Frate Francesco
Anno 79 ­ n° 6 ­ giugno 2003

 

No alla "storia per sempre" di Tucidide

"E' nevrotico pacifismo
dire no alla guerra, senza
dire doppiamente no alla
sua vera causa". (K.O.)

 

Dire "no" alla guerra senza contestare concettualmente la sua causa permanente, è più concerto di pappagalli innervositi che richiamo razionale alla condizione umana. Quel rompiscatole di Gesù Cristo è stato quasi brutale nel toccare questo tema: "Sono venuto a portare la guerra e non la pace". Guerra concettuale, ovviamente, a tutto ciò che potenzialmente conduce alla guerra. E ciò che conduce fatalmente alla guerra sono le religioni coniugate, come che sia, allo Stato Nazionale Sovrano. Le prime perché deformano la definizione di Dio, il secondo perché rende inattuabile l'amore al prossimo.

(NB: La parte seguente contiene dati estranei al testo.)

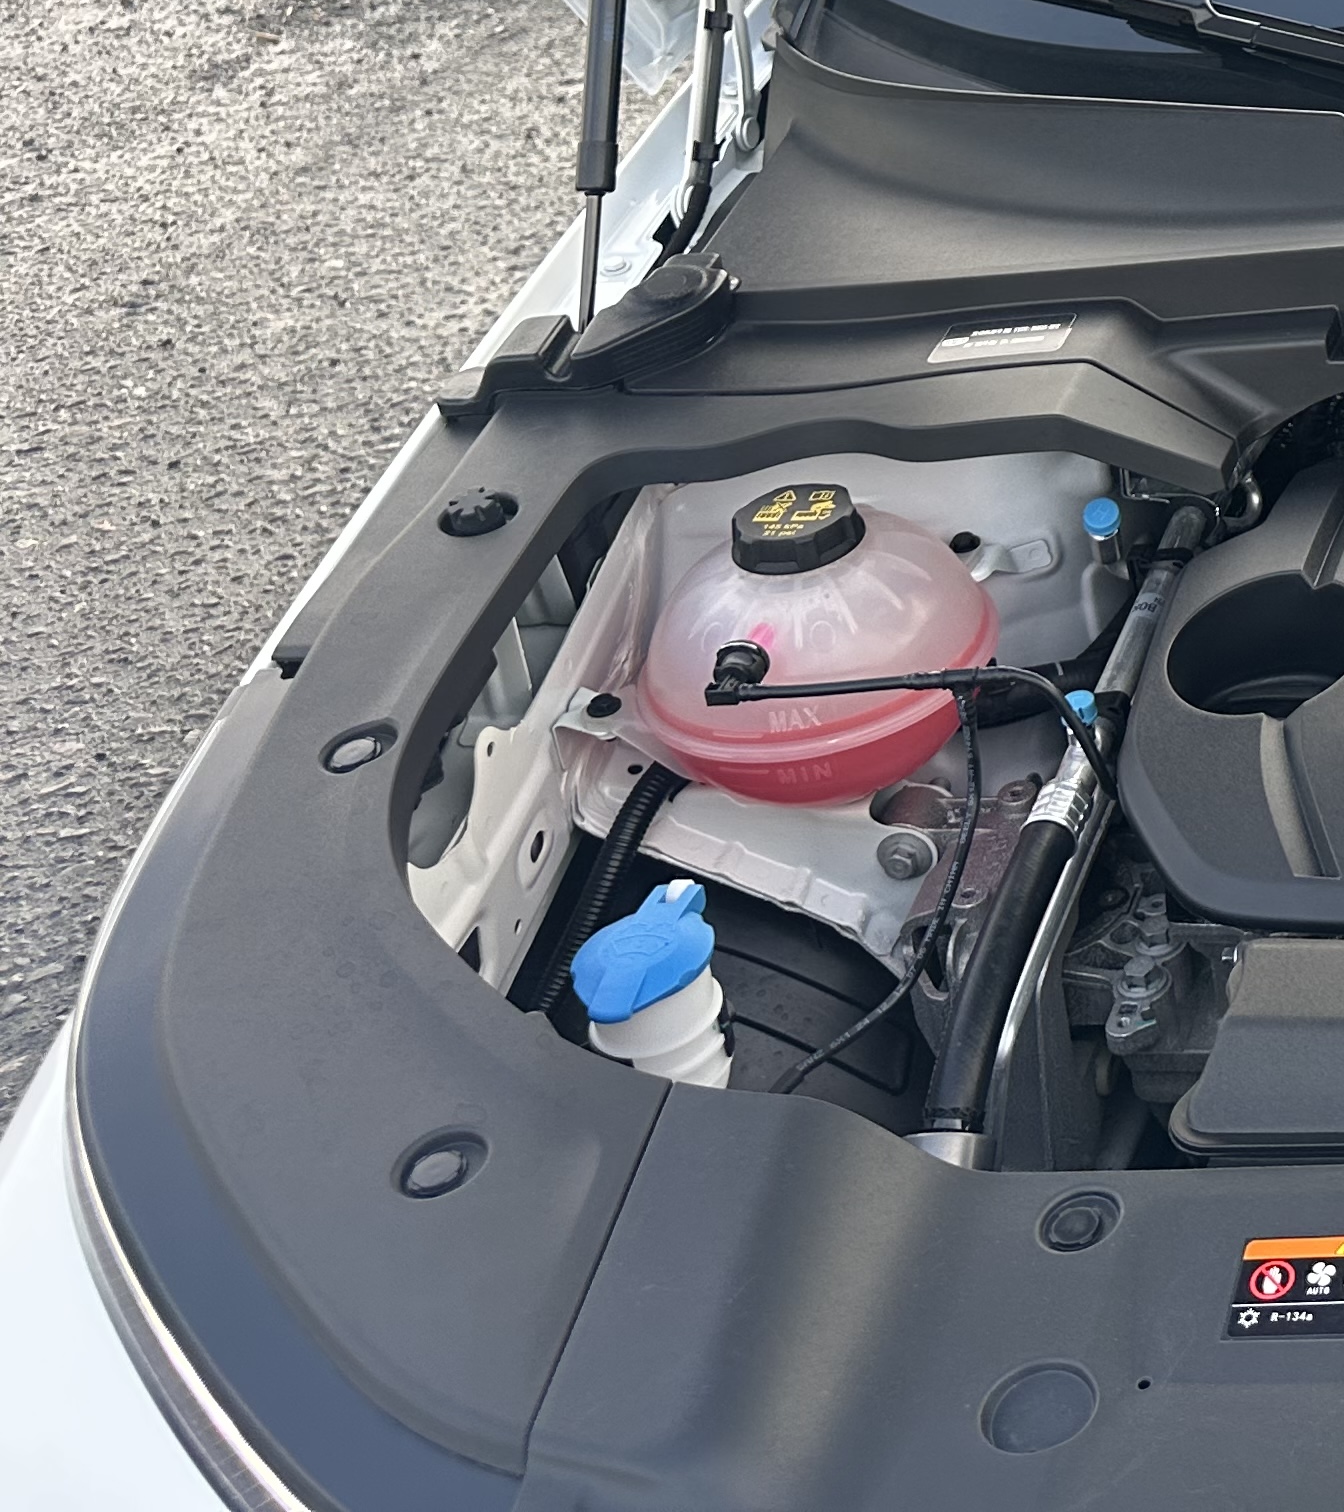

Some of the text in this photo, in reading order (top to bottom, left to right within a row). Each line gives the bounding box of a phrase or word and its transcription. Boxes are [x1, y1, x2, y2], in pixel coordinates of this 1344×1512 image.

[768, 704, 824, 733] MAX
[777, 761, 834, 786] MIN
[1306, 1286, 1330, 1296] AUTO
[1270, 1311, 1314, 1322] R-134a

Per questo motivo i cristiani della prima e della seconda generazione hanno introdotto nella storia il concetto di martirio o contestazione alle vere cause della guerra. Ma la "fratellanza" voluta da Cristo ebbe un brusco arresto nel quarto secolo (conversione di Costantino) e il Cristianesimo cadde al rango di "religione" e per questo motivo continua a navigare nell'ambiguità dottrinale sul tema della guerra. Questa caduta del Cristianesimo al rango di "religione" ­ si pensi al giudizio che di essa dà Lucrezio ­ fu grave disattenzione sulla "novità esistenziale" suggerita da Cristo. Se ne accorsero e tentarono la rimonta due poveri cristiani come Benedetto e Francesco; ma per tutti gli altri ­ "cristiani" e non ­ quella caduta divenne concezione Tucididea ed Hegeliana della storia.

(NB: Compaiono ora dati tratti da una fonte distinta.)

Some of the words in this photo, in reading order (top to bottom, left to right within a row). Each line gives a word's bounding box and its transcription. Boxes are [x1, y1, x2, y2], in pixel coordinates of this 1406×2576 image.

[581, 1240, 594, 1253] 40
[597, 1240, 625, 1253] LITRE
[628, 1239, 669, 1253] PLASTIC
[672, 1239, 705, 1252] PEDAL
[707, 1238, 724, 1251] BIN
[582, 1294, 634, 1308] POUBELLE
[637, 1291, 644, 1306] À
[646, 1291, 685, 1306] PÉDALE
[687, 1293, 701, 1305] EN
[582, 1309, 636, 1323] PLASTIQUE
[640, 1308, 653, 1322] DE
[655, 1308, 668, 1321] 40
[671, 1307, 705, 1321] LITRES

In modo indiretto, dà significato alla nostra tesi, l'intervento del prof. Giovanni Sartori sul Corsera del 26 maggio u.s.; il più intelligente, a nostra conoscenza, sul tema. La situazione è chiara, a giudizio del Professore, siamo minacciati da un certo tipo di terrorismo. Ecco perché vanno colpite le infrastrutture che producono le armi chimiche; se è vero che "mezzo chilo di tossina botulinica potrebbe uccidere un miliardo di persone". Bush "ha spiegato male" tale problema agli europei. I quali rifiutano di capire che siamo minacciati di sterminio "grazie anche a Chirac, alla Chiesa e al pacifismo alla Strada".

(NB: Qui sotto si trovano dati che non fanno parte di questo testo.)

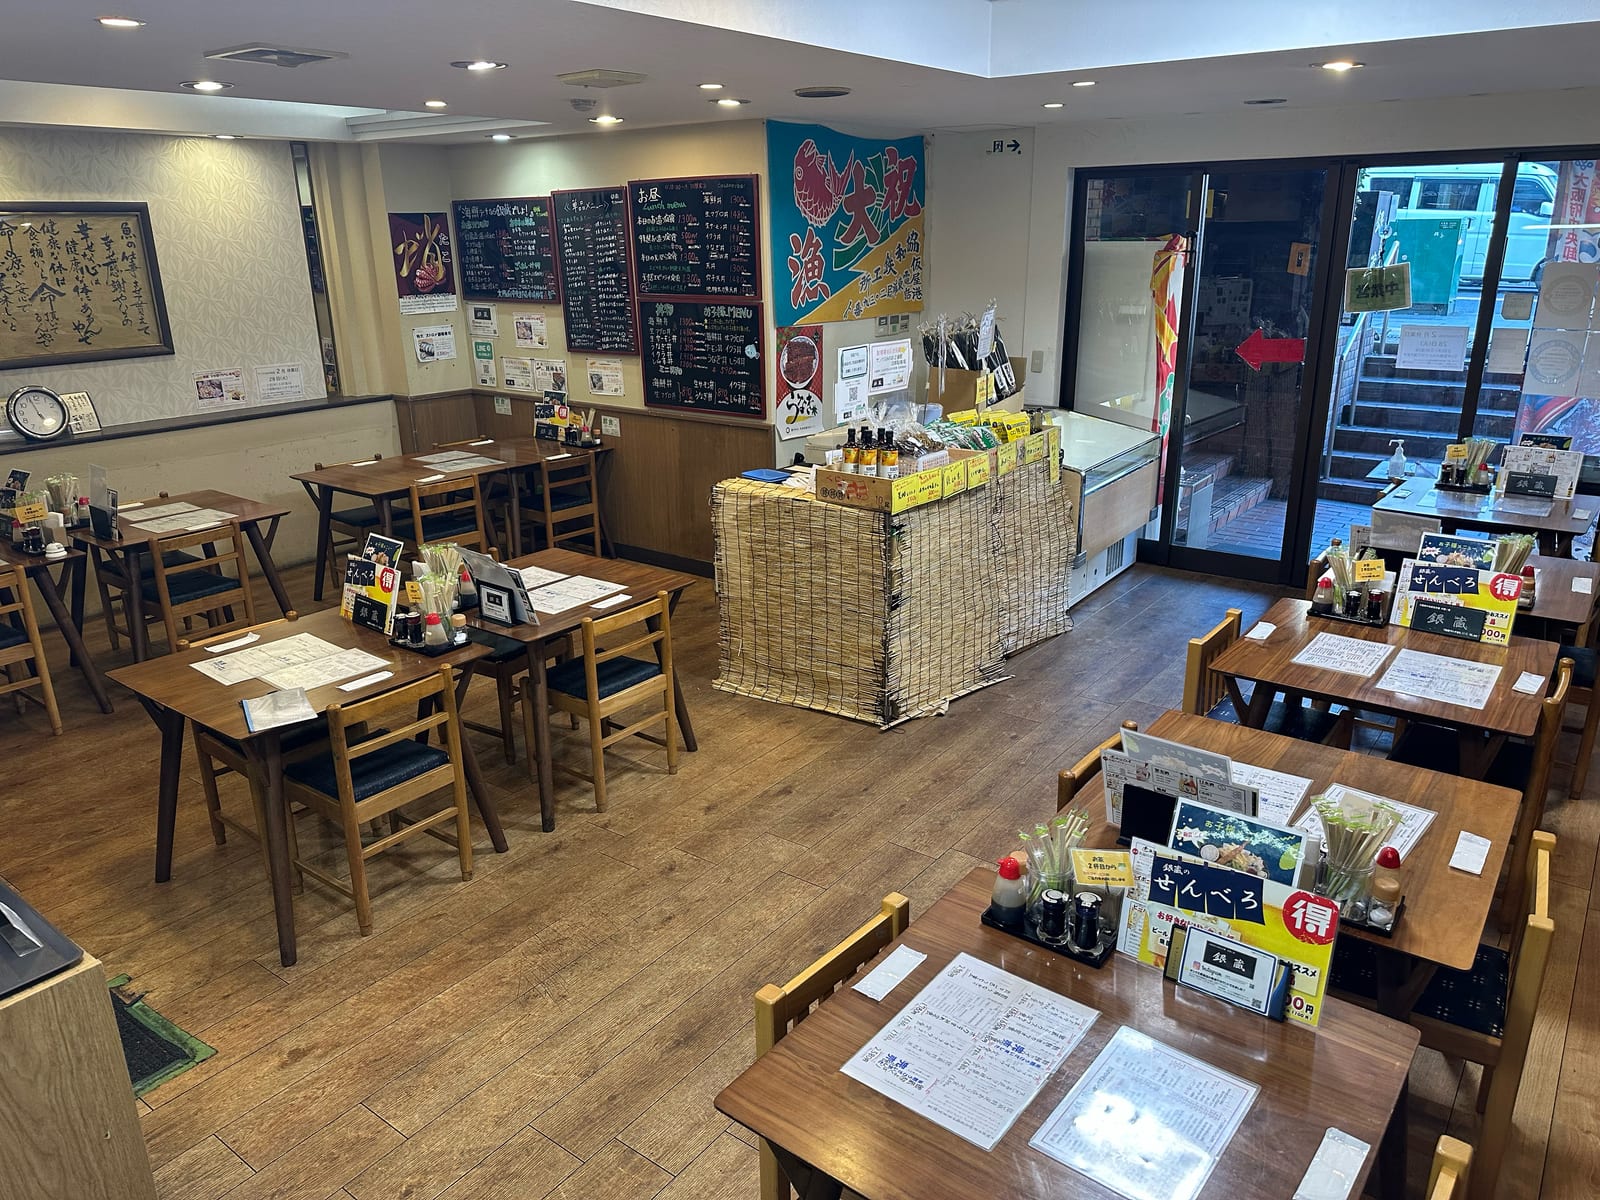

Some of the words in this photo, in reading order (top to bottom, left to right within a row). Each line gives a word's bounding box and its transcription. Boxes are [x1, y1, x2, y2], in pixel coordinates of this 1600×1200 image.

Secondo il prof. Sartori ­ se abbiamo ben capito ­ bisogna allinearsi con l'America e spiegare ciò che essa non riesce a spiegare bene e far fronte compatti all'incombente sterminio di massa. In altre parole, si potrebbe dire all'America: "Felix culpa" (nel senso che ha liberato l'umanità da un tiranno e da una progettazione statale nefasta per la convivenza). Ma poi dire anche all'America: "Attenzione, a non porti come modello intrascendibile di democrazia". Resterebbe, infatti, un problema: come ci si può opporre allo sterminio di massa con le categorie mentali di cui disponiamo (Stati Nazionali Sovrani?). I più ­ s'è visto ­ fanno leva sulla "illegittimità" della guerra e ­ a nostro giudizio ­ costoro rifiutano il moscerino e mangiano il cammello (considerano legittimo lo Stato Nazionale Sovrano). E questo errore "ottico" non è percepito da nessuno dei soggetti citati dal prof. Sartori e forse neanche dal prof. Sartori. All'America che teme l'irruzione delle armi nucleari non convenzionali non si può opporre una maggioranza (i più) che negano la "legittimità". All'America bisogna opporre una logica che contesta la causa vera di ogni guerra e cioè l'esistenza degli Stati Nazionali Sovrani i quali sono nella storia così come i primi uomini erano nella foresta senza legge e cioè nel continuo pericolo di farsi del male (l'osservazione è di Kant, il quale propone il federalismo per uscire dallo stato permanente di Guerra).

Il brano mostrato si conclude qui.